1. An aerosol generating device comprising:

a battery;

a power supply unit configured to control power supply of the battery; and

a controller configured to, when a first mode switching condition is satisfied, control the power supply unit such that the aerosol generating device switches from a first power mode in which power is supplied to the controller to a second power mode in which no power is supplied to the controller.

2. The aerosol generating device of claim 1, wherein the first mode switching condition comprises at least one of heating of a heater, insertion of an aerosol-generating article, reception of a user input, and supply of external power, during a designated time period.

3. The aerosol generating device of claim 1, wherein the first power mode is a standby mode and the second power mode is a ship mode.

4. The aerosol generating device of claim 1, further comprising a heater configured to heat an aerosol-generating article,

wherein, when heating of the heater is not performed during a first time period, the controller switches to the second power mode.
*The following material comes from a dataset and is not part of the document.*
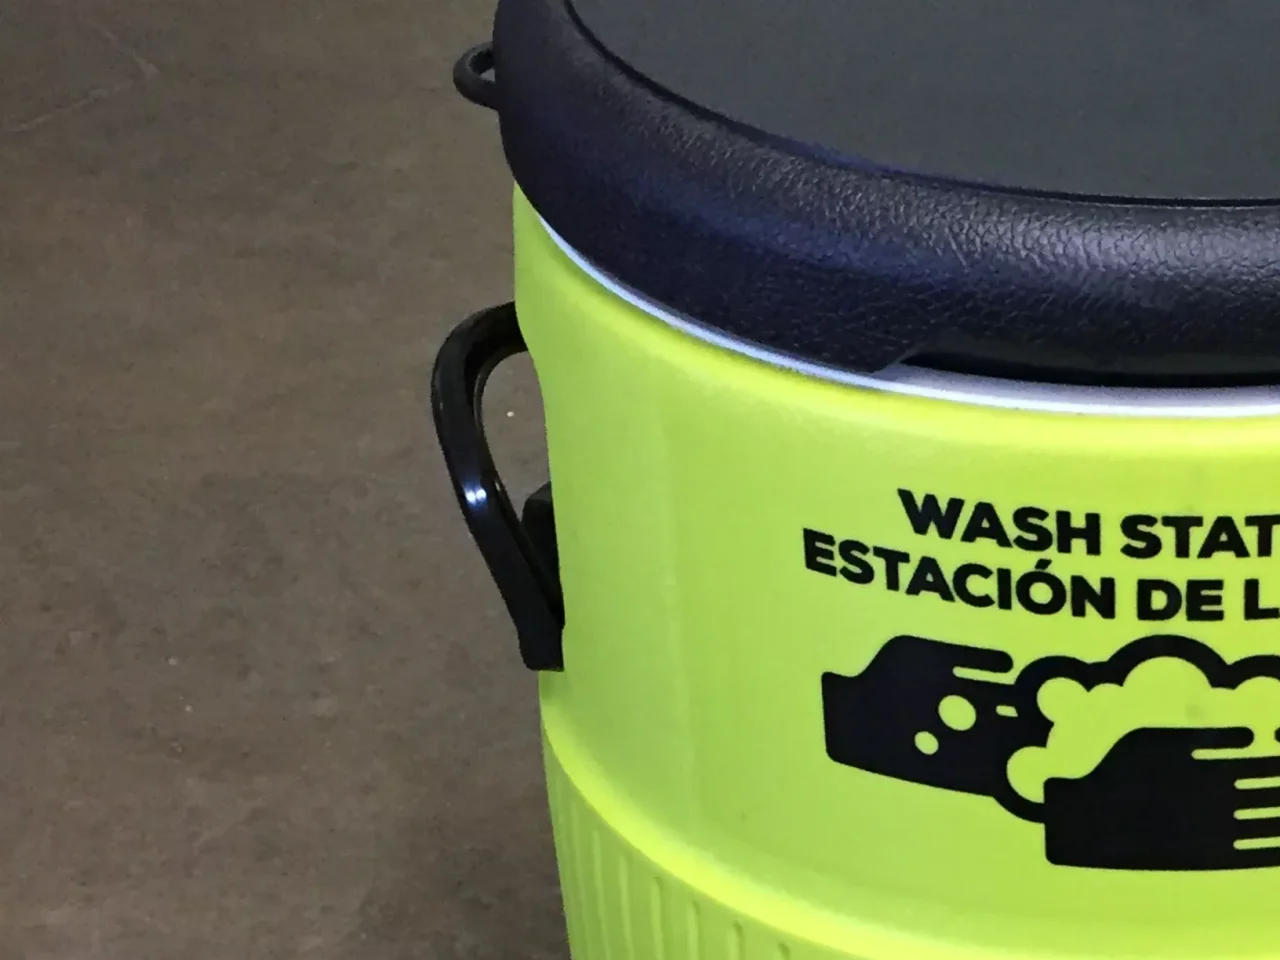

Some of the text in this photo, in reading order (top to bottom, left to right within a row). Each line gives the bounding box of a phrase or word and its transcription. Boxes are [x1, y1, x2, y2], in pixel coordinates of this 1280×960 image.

[897, 488, 1102, 556] WASH
[802, 527, 1116, 619] ESTACIÓN
[1136, 578, 1225, 622] DE
5. The aerosol generating device of claim 1, further comprising an insertion sensing unit configured to sense insertion of an aerosol-generating article,

wherein, when insertion of the aerosol-generating article is not sensed by the insertion sensing unit during a second time period, the controller switches to the second power mode.

6. The aerosol generating device of claim 1, further comprising an input unit configured to receive a user input,

wherein, when no user input is received through the input unit during a third time period, the controller switches to the second power mode.

7. The aerosol generating device of claim 1, further comprising an interface unit configured to receive external power,

wherein, when remaining charge of the battery is below a pre-set level and the external power is not supplied during a fourth time period, the controller switches to the second power mode.

8. The aerosol generating device of claim 1, wherein, when a second mode switching condition is satisfied while no power is supplied to the controller, the power supply unit switches to the first power mode.

9. The aerosol generating device of claim 8, wherein the second mode switching condition comprises at least one of reception of a user input and supply of external power.

10. A method of operating an aerosol generating device, the method comprising:

supplying power corresponding to a first power mode to a controller from a battery;

determining, by the controller, whether a first mode switching condition is satisfied; and

when the first mode switching condition is satisfied, blocking the power supplied to the controller.

11. A computer-readable recording medium having stored thereon a program for executing the method of claim 10.